### What to do
Word for word, transcribe the listing that follows, minus any pictures.

### Provided data
==========
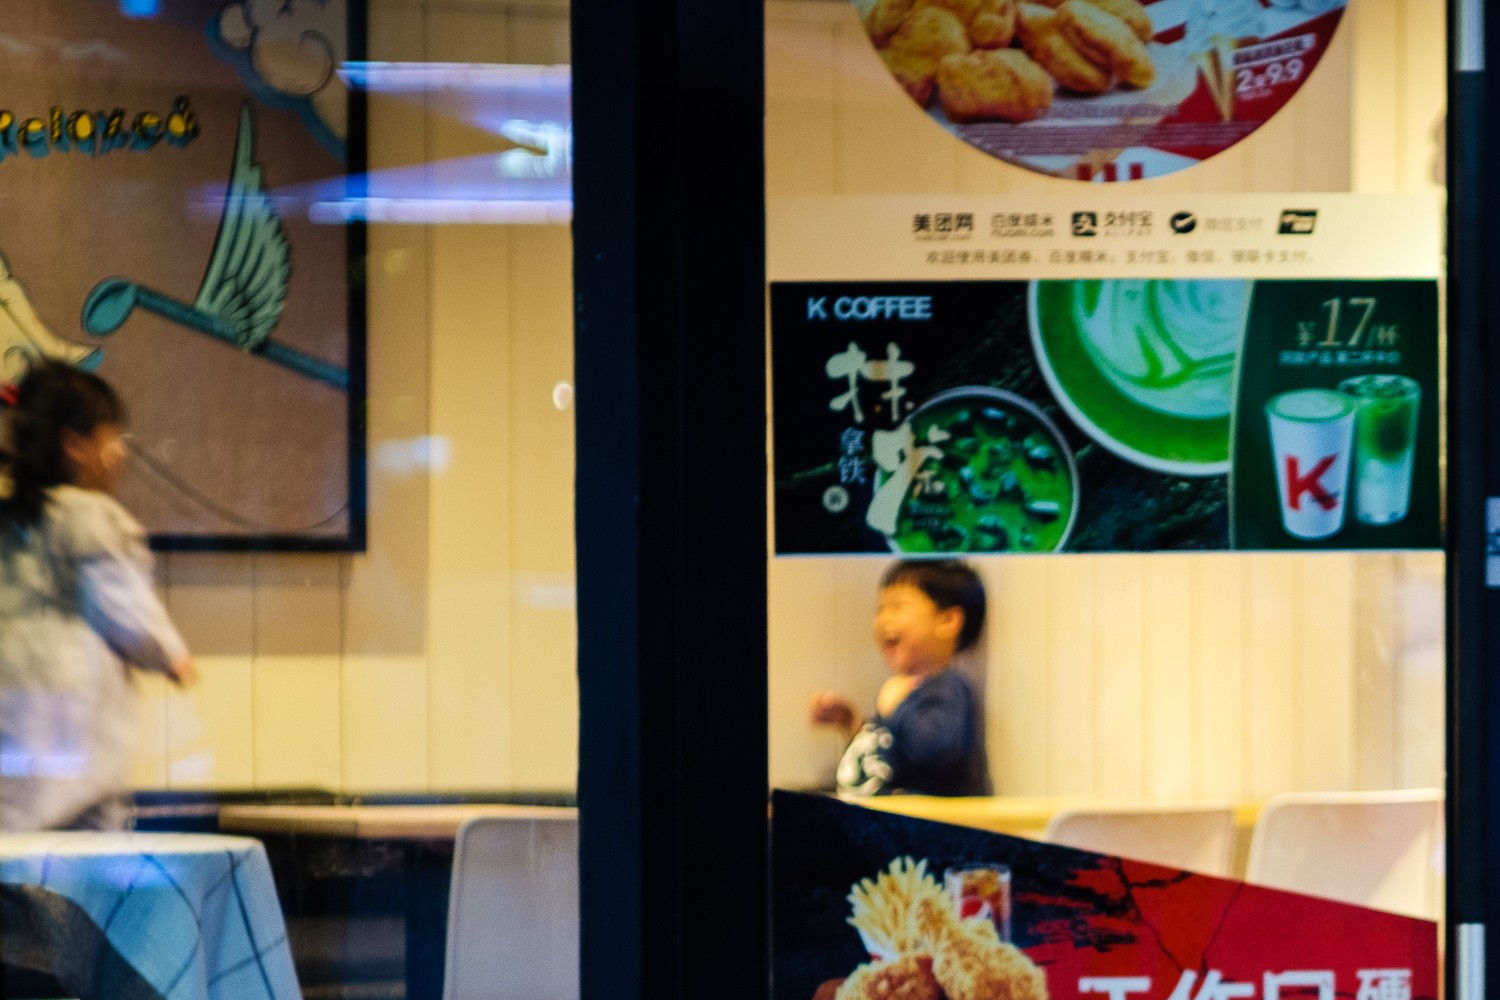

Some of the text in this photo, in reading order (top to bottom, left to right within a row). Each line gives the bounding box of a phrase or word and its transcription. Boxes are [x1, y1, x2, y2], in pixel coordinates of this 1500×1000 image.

[914, 213, 974, 232] 美团网
[807, 296, 933, 321] K COFFEE
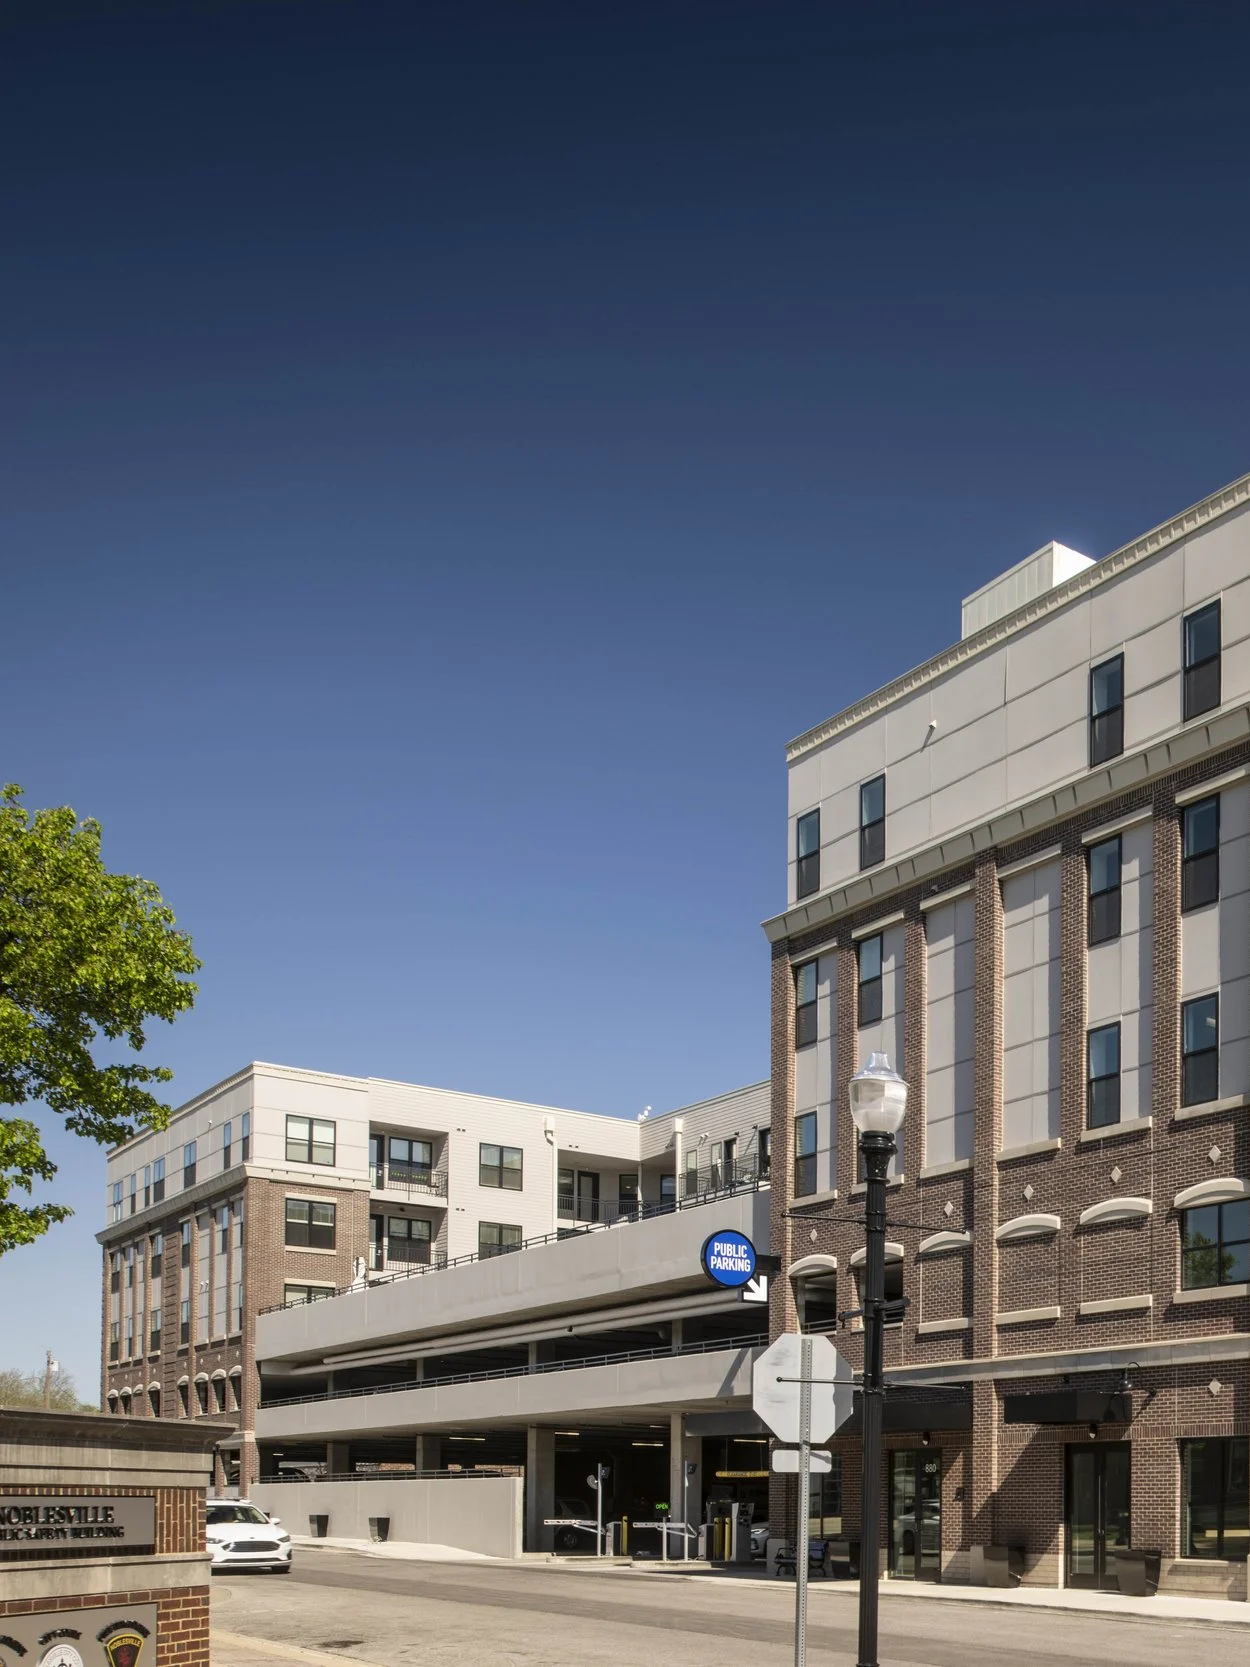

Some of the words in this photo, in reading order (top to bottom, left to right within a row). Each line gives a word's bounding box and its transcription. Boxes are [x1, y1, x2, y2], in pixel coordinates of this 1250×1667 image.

[714, 1242, 748, 1258] PUBLIC
[710, 1255, 751, 1272] PARKING
[69, 1526, 125, 1539] BUILDING
[110, 1637, 141, 1651] NOBLESVILLE
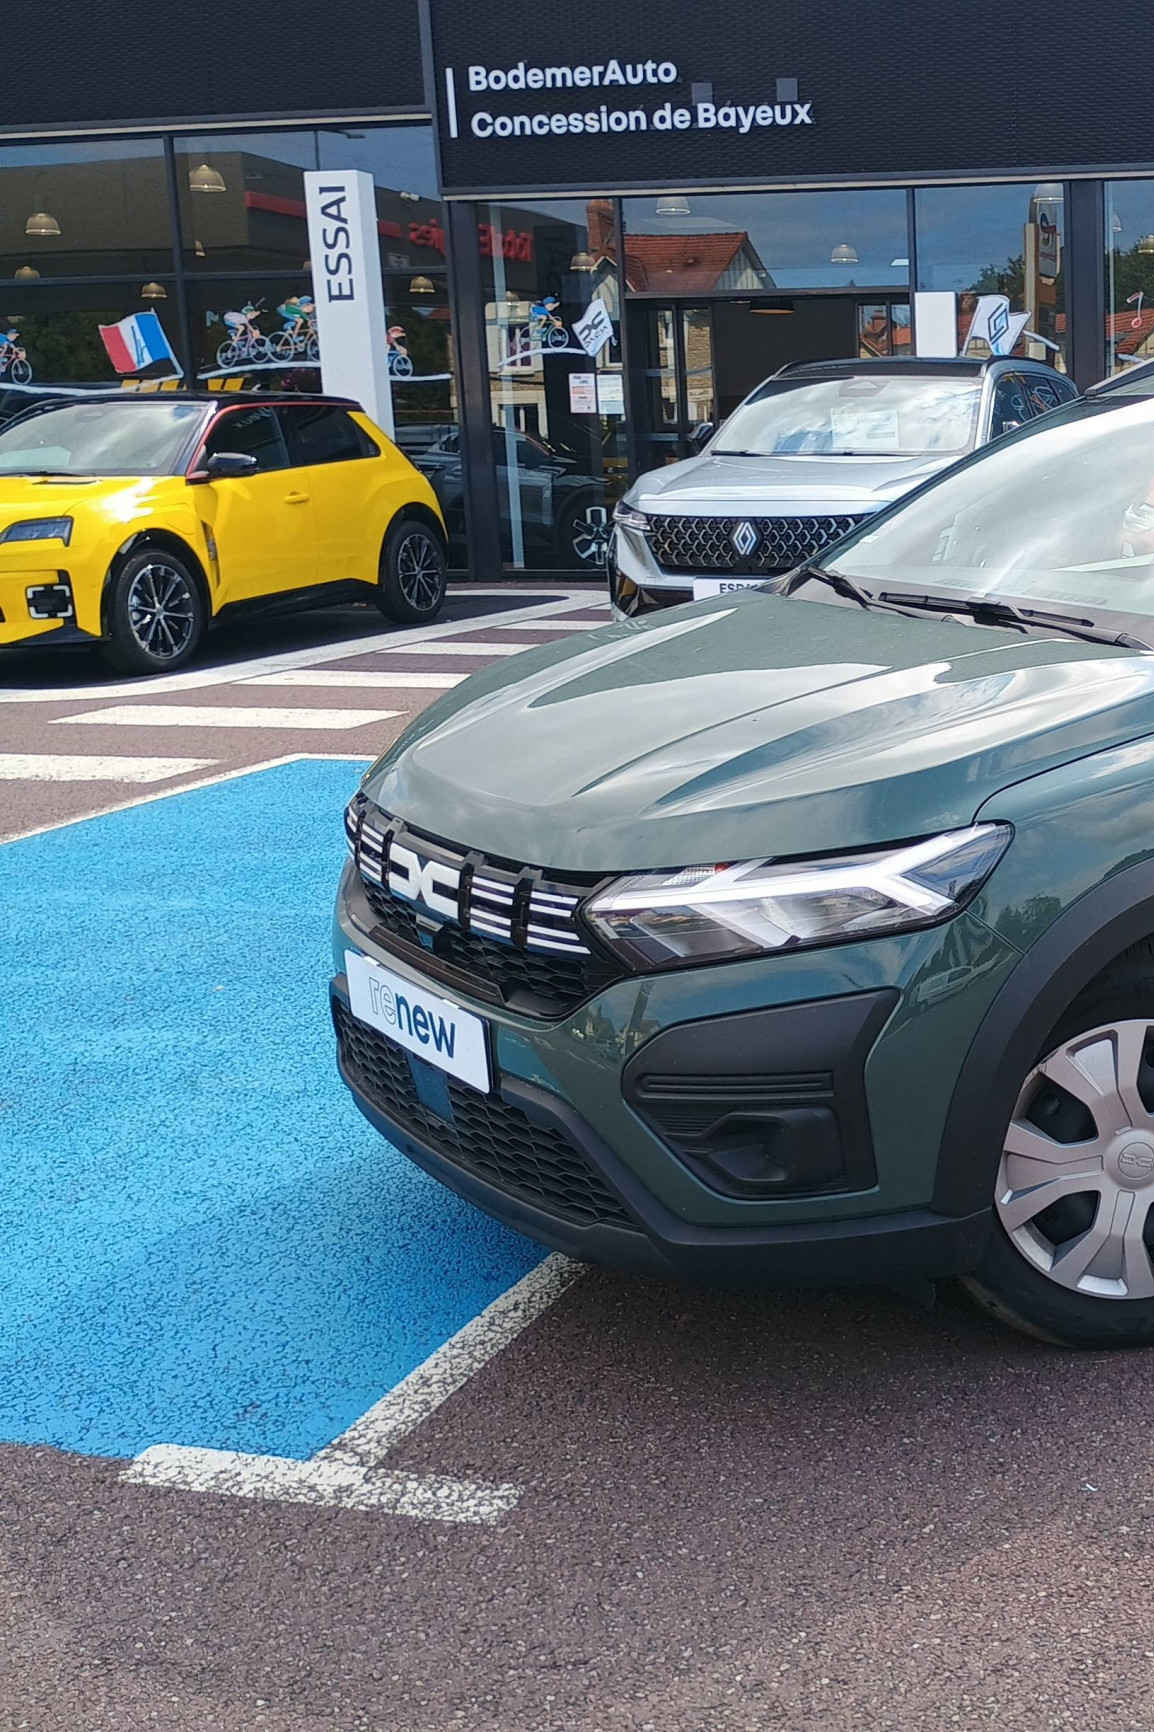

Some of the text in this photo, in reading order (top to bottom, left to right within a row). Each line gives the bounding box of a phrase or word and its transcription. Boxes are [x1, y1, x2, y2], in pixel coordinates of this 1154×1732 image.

[468, 59, 678, 91] BodemerAuto
[470, 101, 814, 138] Concession de Bayeux
[318, 185, 355, 303] ESSAI
[368, 976, 456, 1059] renew
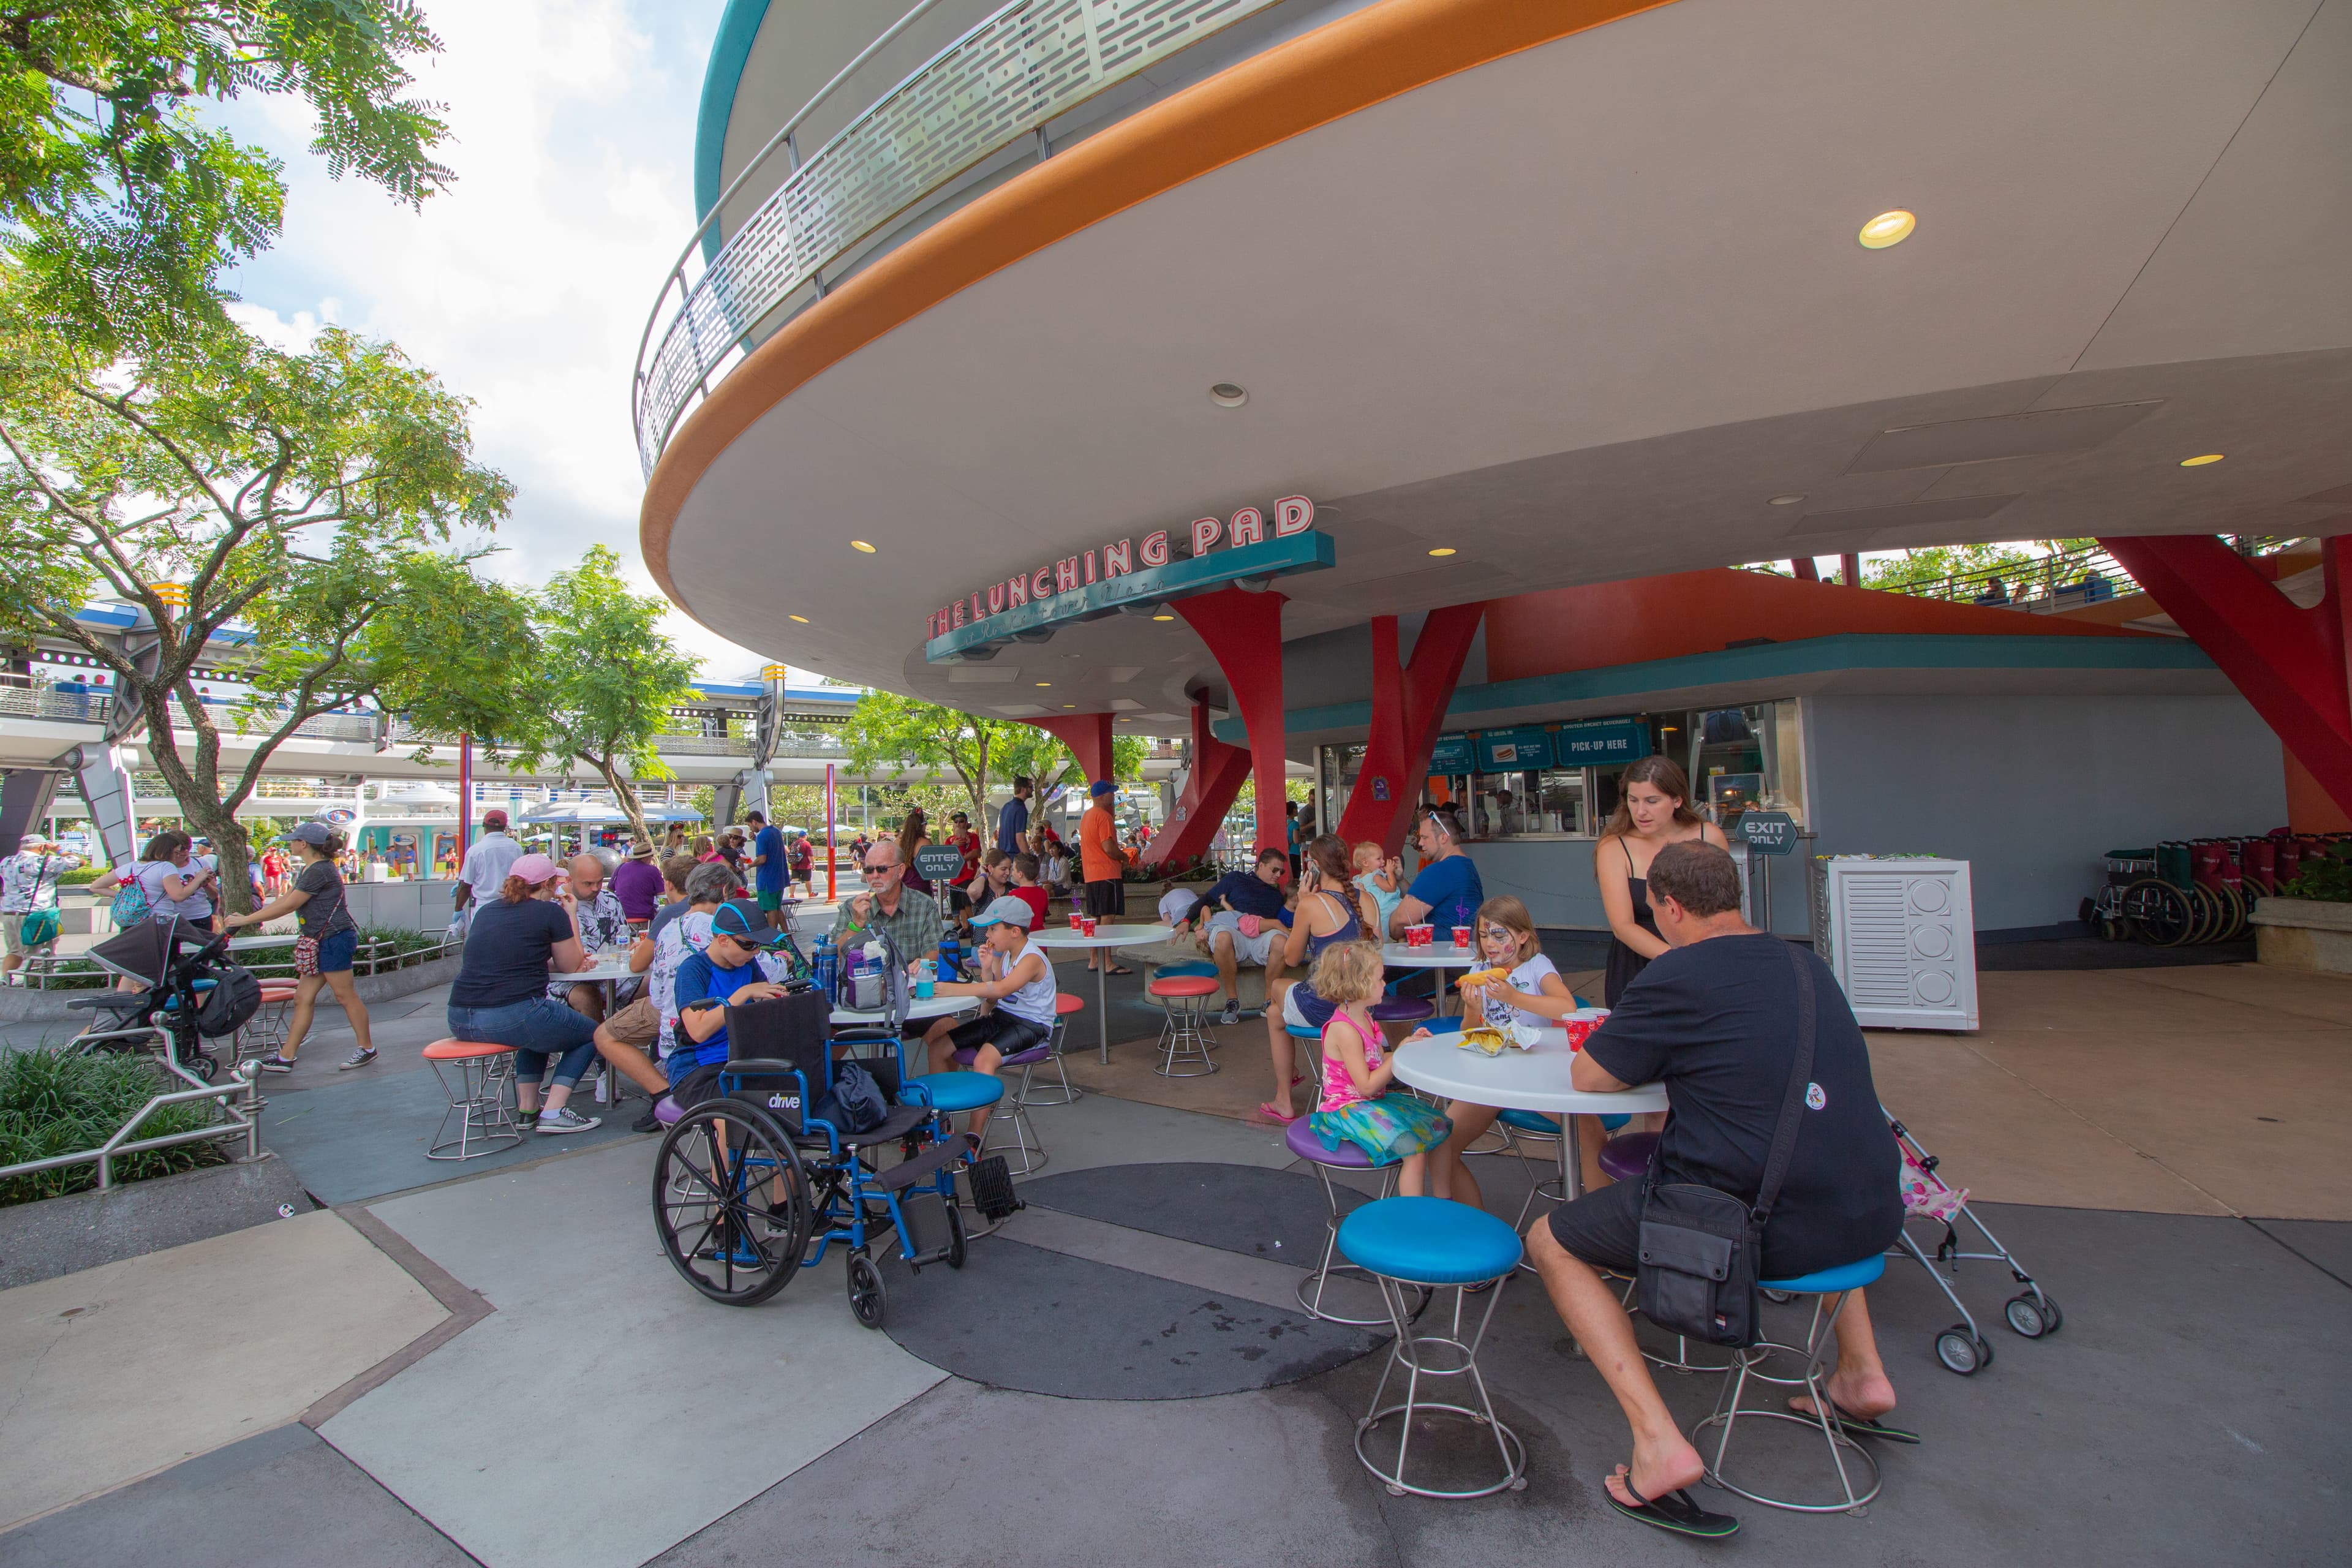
==========
### Expected output
Some of the text in this photo, in reading order (top to bottom, left to right within a row). Each line gives the bounding box of a phrase or word and its transcription. Boxes are [x1, y1, x2, y2], in pixel coordinates of this 1500×1000 image.

[914, 213, 974, 232] 美团网
[807, 296, 933, 321] K COFFEE

Some of the words in this photo, in reading order (top to bottom, left to right within a row). Each line gives a word's bounding box and its transcription. Boxes are [x1, y1, x2, y2], in pixel coordinates of this 1250×1667 image.

[714, 1242, 748, 1258] PUBLIC
[710, 1255, 751, 1272] PARKING
[69, 1526, 125, 1539] BUILDING
[110, 1637, 141, 1651] NOBLESVILLE

Some of the text in this photo, in reading order (top to bottom, left to right within a row). Each line gives the bounding box of a phrase or word and its transcription. Boxes are [x1, y1, x2, y2], in pixel coordinates of this 1154×1732 image.

[468, 59, 678, 91] BodemerAuto
[470, 101, 814, 138] Concession de Bayeux
[318, 185, 355, 303] ESSAI
[368, 976, 456, 1059] renew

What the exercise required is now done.